Indeed, particularly traumatic periods of her life are marked by episodes of muteness. “I don’t know how it’s possible to summarise what we lived through in those years,” she muses. “I don’t know how to communicate the meaning, and I wonder about how useful it is to go into the details – the details that are not details. Every discrete detail is a story affecting hundreds of people, perhaps thousands.”
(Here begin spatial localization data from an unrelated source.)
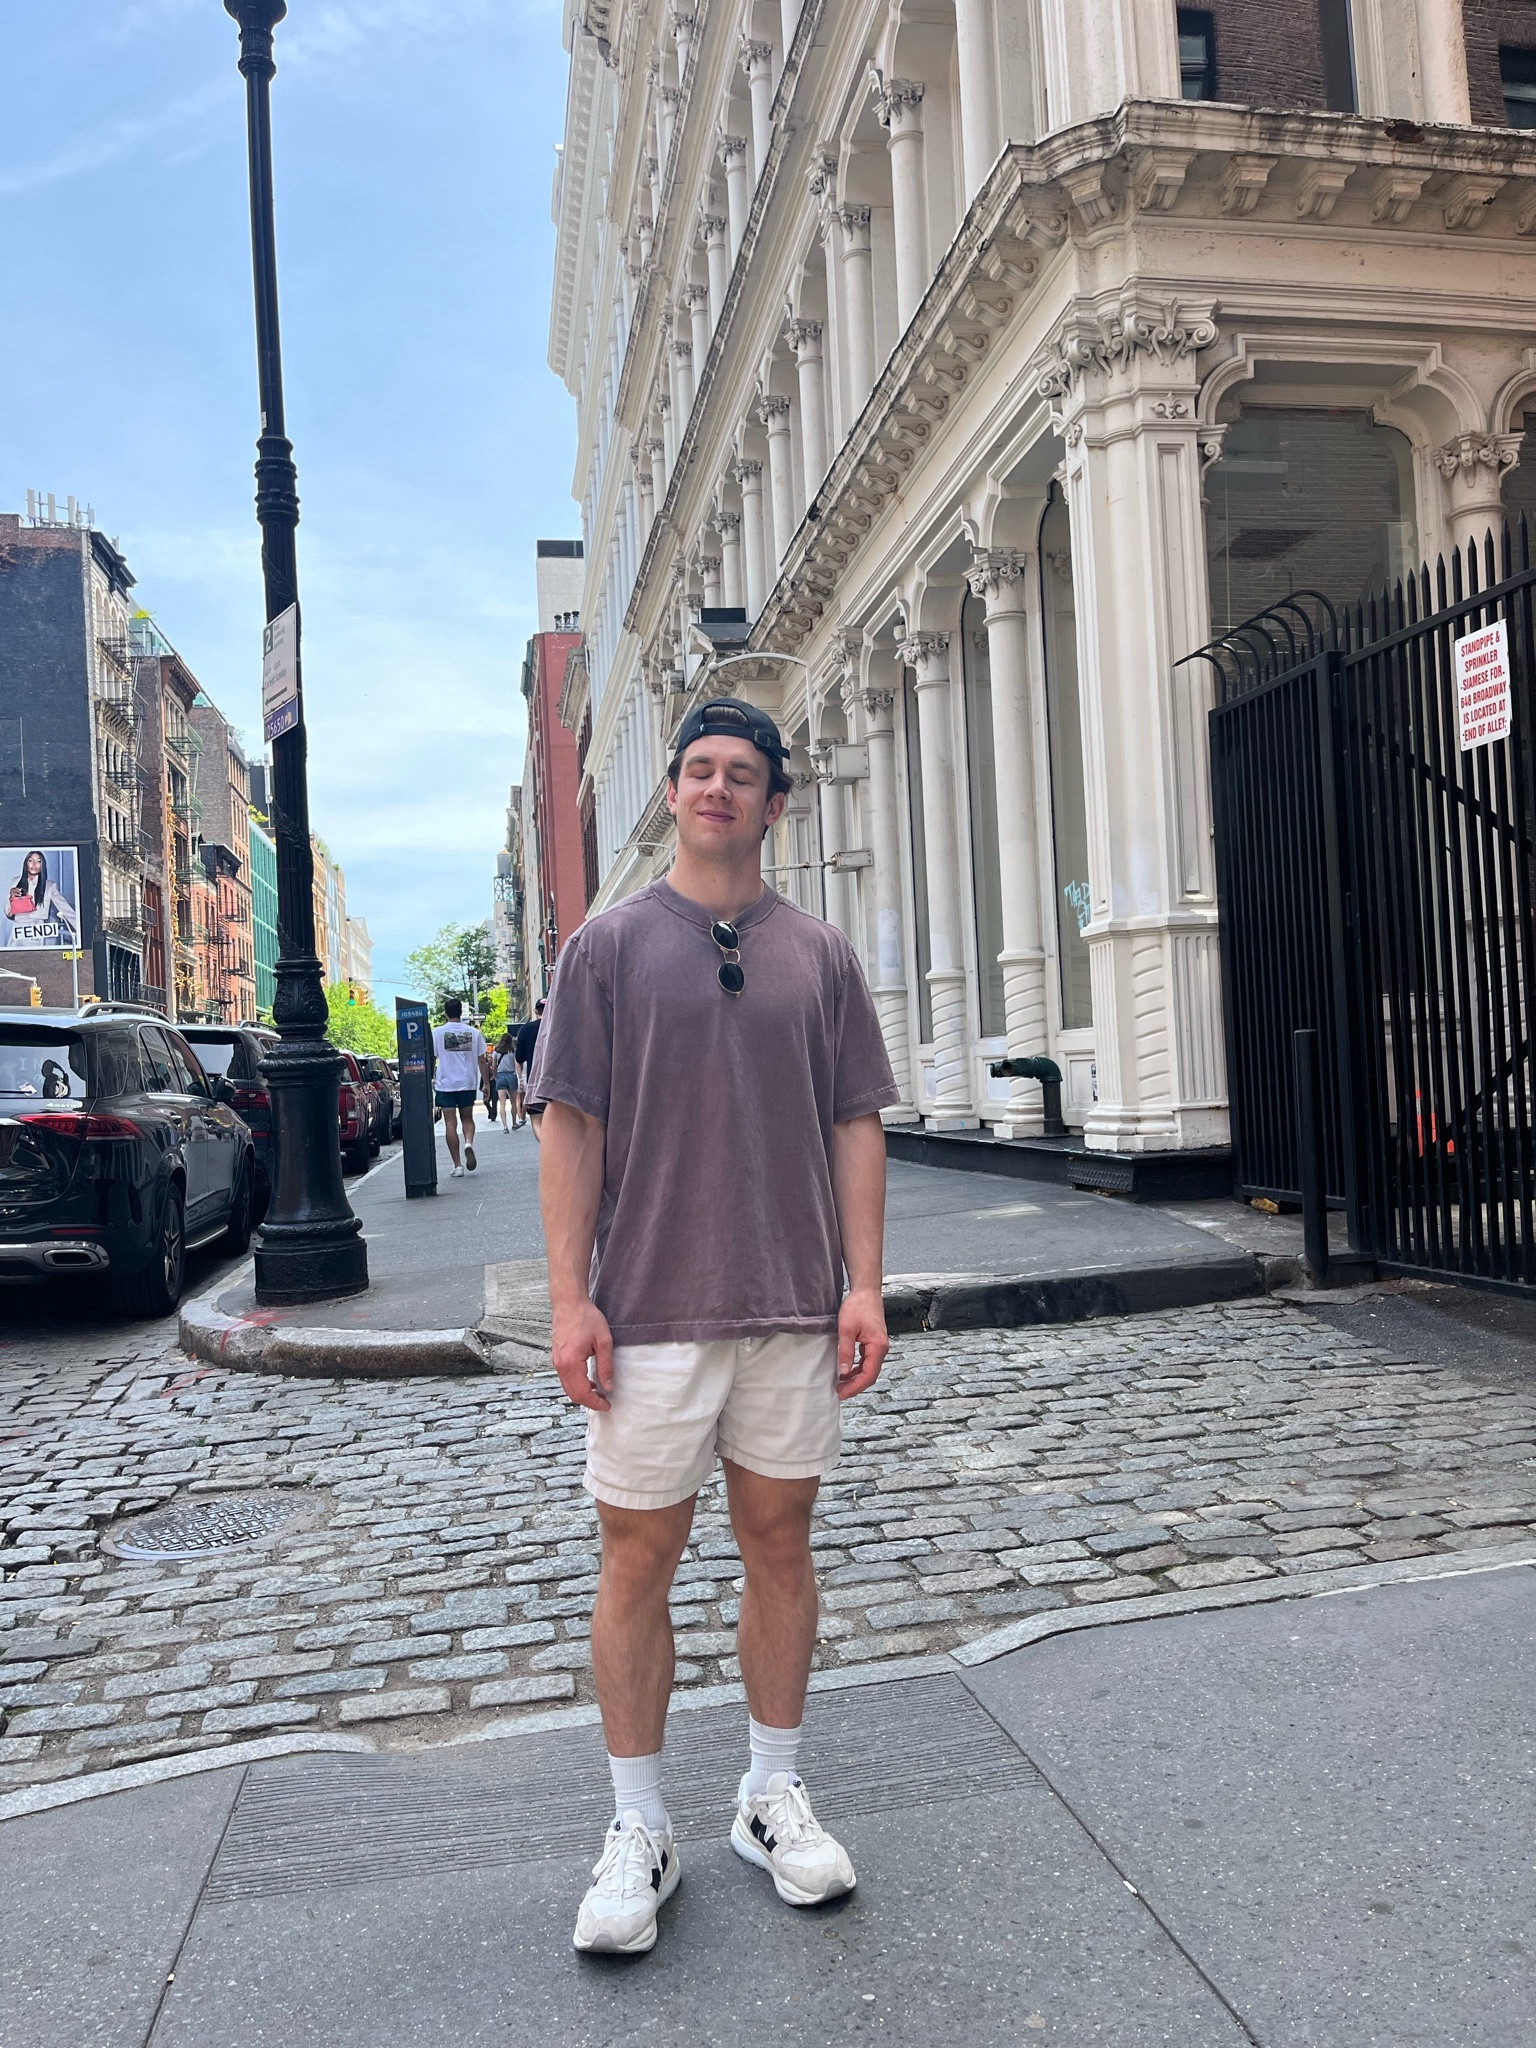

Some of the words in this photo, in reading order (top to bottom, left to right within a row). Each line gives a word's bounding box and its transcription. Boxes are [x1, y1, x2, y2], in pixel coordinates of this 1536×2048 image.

[265, 628, 272, 653] 2
[1461, 633, 1494, 657] STANDPIPE
[1495, 630, 1501, 643] &
[1464, 649, 1498, 673] SPRINKLER
[1462, 670, 1489, 691] SIAMESE
[1490, 665, 1503, 681] FOR
[1460, 694, 1472, 709] 648
[1472, 681, 1507, 705] BROADWAY
[1463, 712, 1470, 725] IS
[1470, 702, 1497, 722] LOCATED
[1498, 699, 1506, 713] AT
[1464, 726, 1477, 742] END
[1477, 723, 1486, 737] OF
[14, 923, 57, 939] FENDI
[406, 1021, 419, 1040] P
While focusing on a single narrative voice Ashour acknowledges those countless others whose experience is not adequately rendered, but all Ruqayya can do is keep herself afloat amid the turmoil all around her, or, more accurately, remain “on the train” – the metaphor she adopts to explain her experience of life, existence that keeps moving despite the fact she doesn’t know where she’s going or why she’s going there. And, while Ruqayya does stay on-board the train – raising her children amid the rubble of their history and despite perpetual displacement, physical and psychological – Eliyya remains a lost soul. Although he grows up anchored in the very heart of the town’s rivalry and tumult, he’s slightly off kilter with the events playing out around him, remaining still something of “an unfinished project” even after 20, supposedly safe and stabilising, years in New York.
While Ruqayya learns to live with her memories – “Memory does not kill. It inflicts unbearable pain, perhaps; but we bear it, and memory changes from a whirlpool that pulls us to the bottom, to a sea we can swim in. We cover distances, we control it, and we dictate to it” – Eliyya, on the other hand, cannot make peace with his past.
In America he spins story after story about his origins, so many contrasting versions tripping from his tongue that he cannot maintain friendships for fear of muddling the assorted accounts of his history that he’s told different people. Just as the people of the town cannot reconcile the multitudinous and conflicting versions of their violent history each of them tell, neither can Eliyya piece together a coherent and complete story of his own life.
Lucy Scholes is a regular contributor to The National.